───── WORKING DATA
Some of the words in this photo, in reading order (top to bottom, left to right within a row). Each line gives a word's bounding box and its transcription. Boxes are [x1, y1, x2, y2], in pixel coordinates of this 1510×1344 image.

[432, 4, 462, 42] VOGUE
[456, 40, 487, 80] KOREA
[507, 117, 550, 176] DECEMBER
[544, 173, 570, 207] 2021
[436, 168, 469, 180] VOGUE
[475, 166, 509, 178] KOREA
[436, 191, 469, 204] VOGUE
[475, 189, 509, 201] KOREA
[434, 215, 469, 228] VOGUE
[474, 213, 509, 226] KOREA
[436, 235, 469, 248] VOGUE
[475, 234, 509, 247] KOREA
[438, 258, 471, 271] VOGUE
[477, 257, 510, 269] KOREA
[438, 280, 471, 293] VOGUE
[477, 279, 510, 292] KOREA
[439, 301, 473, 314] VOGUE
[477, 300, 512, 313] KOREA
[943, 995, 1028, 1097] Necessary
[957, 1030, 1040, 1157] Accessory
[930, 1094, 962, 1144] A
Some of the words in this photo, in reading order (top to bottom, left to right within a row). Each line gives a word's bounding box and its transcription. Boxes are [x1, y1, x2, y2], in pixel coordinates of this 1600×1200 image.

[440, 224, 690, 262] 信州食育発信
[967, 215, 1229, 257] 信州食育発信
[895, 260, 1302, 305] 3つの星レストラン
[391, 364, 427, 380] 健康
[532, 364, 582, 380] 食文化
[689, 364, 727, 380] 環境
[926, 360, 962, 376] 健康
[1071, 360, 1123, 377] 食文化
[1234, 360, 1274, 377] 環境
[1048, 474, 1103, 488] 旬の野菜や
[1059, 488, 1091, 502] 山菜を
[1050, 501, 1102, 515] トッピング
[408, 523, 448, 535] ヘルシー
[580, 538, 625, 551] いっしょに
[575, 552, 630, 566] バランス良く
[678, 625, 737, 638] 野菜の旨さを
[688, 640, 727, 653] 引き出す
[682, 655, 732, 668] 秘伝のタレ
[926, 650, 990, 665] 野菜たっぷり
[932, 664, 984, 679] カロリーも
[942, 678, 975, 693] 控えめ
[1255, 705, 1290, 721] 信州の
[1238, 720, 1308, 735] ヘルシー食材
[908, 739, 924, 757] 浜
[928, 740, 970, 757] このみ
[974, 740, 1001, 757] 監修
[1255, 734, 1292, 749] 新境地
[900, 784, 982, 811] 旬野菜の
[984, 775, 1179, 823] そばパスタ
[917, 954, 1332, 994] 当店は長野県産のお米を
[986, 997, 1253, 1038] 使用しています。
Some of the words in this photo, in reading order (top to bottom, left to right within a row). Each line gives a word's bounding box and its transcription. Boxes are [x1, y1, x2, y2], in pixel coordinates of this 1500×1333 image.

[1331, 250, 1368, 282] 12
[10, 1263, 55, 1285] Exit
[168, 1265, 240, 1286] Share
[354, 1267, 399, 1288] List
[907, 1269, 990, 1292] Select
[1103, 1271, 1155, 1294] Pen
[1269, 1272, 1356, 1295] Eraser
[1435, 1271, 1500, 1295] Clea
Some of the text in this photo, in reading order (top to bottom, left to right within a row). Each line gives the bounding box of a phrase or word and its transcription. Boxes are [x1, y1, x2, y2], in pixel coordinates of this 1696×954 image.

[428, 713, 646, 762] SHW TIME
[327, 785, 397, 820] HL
──────────
- WORK ORDER -
Every entry should be retyped exactly as it appears.

- RESULT OF THE TASK -
Some of the words in this photo, in reading order (top to bottom, left to right within a row). Each line gives a word's bounding box and its transcription. Boxes are [x1, y1, x2, y2], in pixel coordinates of this 1510×1344 image.

[432, 4, 462, 42] VOGUE
[456, 40, 487, 80] KOREA
[507, 117, 550, 176] DECEMBER
[544, 173, 570, 207] 2021
[436, 168, 469, 180] VOGUE
[475, 166, 509, 178] KOREA
[436, 191, 469, 204] VOGUE
[475, 189, 509, 201] KOREA
[434, 215, 469, 228] VOGUE
[474, 213, 509, 226] KOREA
[436, 235, 469, 248] VOGUE
[475, 234, 509, 247] KOREA
[438, 258, 471, 271] VOGUE
[477, 257, 510, 269] KOREA
[438, 280, 471, 293] VOGUE
[477, 279, 510, 292] KOREA
[439, 301, 473, 314] VOGUE
[477, 300, 512, 313] KOREA
[943, 995, 1028, 1097] Necessary
[957, 1030, 1040, 1157] Accessory
[930, 1094, 962, 1144] A
Some of the words in this photo, in reading order (top to bottom, left to right within a row). Each line gives a word's bounding box and its transcription. Boxes are [x1, y1, x2, y2], in pixel coordinates of this 1600×1200 image.

[440, 224, 690, 262] 信州食育発信
[967, 215, 1229, 257] 信州食育発信
[895, 260, 1302, 305] 3つの星レストラン
[391, 364, 427, 380] 健康
[532, 364, 582, 380] 食文化
[689, 364, 727, 380] 環境
[926, 360, 962, 376] 健康
[1071, 360, 1123, 377] 食文化
[1234, 360, 1274, 377] 環境
[1048, 474, 1103, 488] 旬の野菜や
[1059, 488, 1091, 502] 山菜を
[1050, 501, 1102, 515] トッピング
[408, 523, 448, 535] ヘルシー
[580, 538, 625, 551] いっしょに
[575, 552, 630, 566] バランス良く
[678, 625, 737, 638] 野菜の旨さを
[688, 640, 727, 653] 引き出す
[682, 655, 732, 668] 秘伝のタレ
[926, 650, 990, 665] 野菜たっぷり
[932, 664, 984, 679] カロリーも
[942, 678, 975, 693] 控えめ
[1255, 705, 1290, 721] 信州の
[1238, 720, 1308, 735] ヘルシー食材
[908, 739, 924, 757] 浜
[928, 740, 970, 757] このみ
[974, 740, 1001, 757] 監修
[1255, 734, 1292, 749] 新境地
[900, 784, 982, 811] 旬野菜の
[984, 775, 1179, 823] そばパスタ
[917, 954, 1332, 994] 当店は長野県産のお米を
[986, 997, 1253, 1038] 使用しています。
Some of the words in this photo, in reading order (top to bottom, left to right within a row). Each line gives a word's bounding box and its transcription. Boxes are [x1, y1, x2, y2], in pixel coordinates of this 1500×1333 image.

[1331, 250, 1368, 282] 12
[10, 1263, 55, 1285] Exit
[168, 1265, 240, 1286] Share
[354, 1267, 399, 1288] List
[907, 1269, 990, 1292] Select
[1103, 1271, 1155, 1294] Pen
[1269, 1272, 1356, 1295] Eraser
[1435, 1271, 1500, 1295] Clea
Some of the text in this photo, in reading order (top to bottom, left to right within a row). Each line gives the bounding box of a phrase or word and its transcription. Boxes are [x1, y1, x2, y2], in pixel coordinates of this 1696×954 image.

[428, 713, 646, 762] SHW TIME
[327, 785, 397, 820] HL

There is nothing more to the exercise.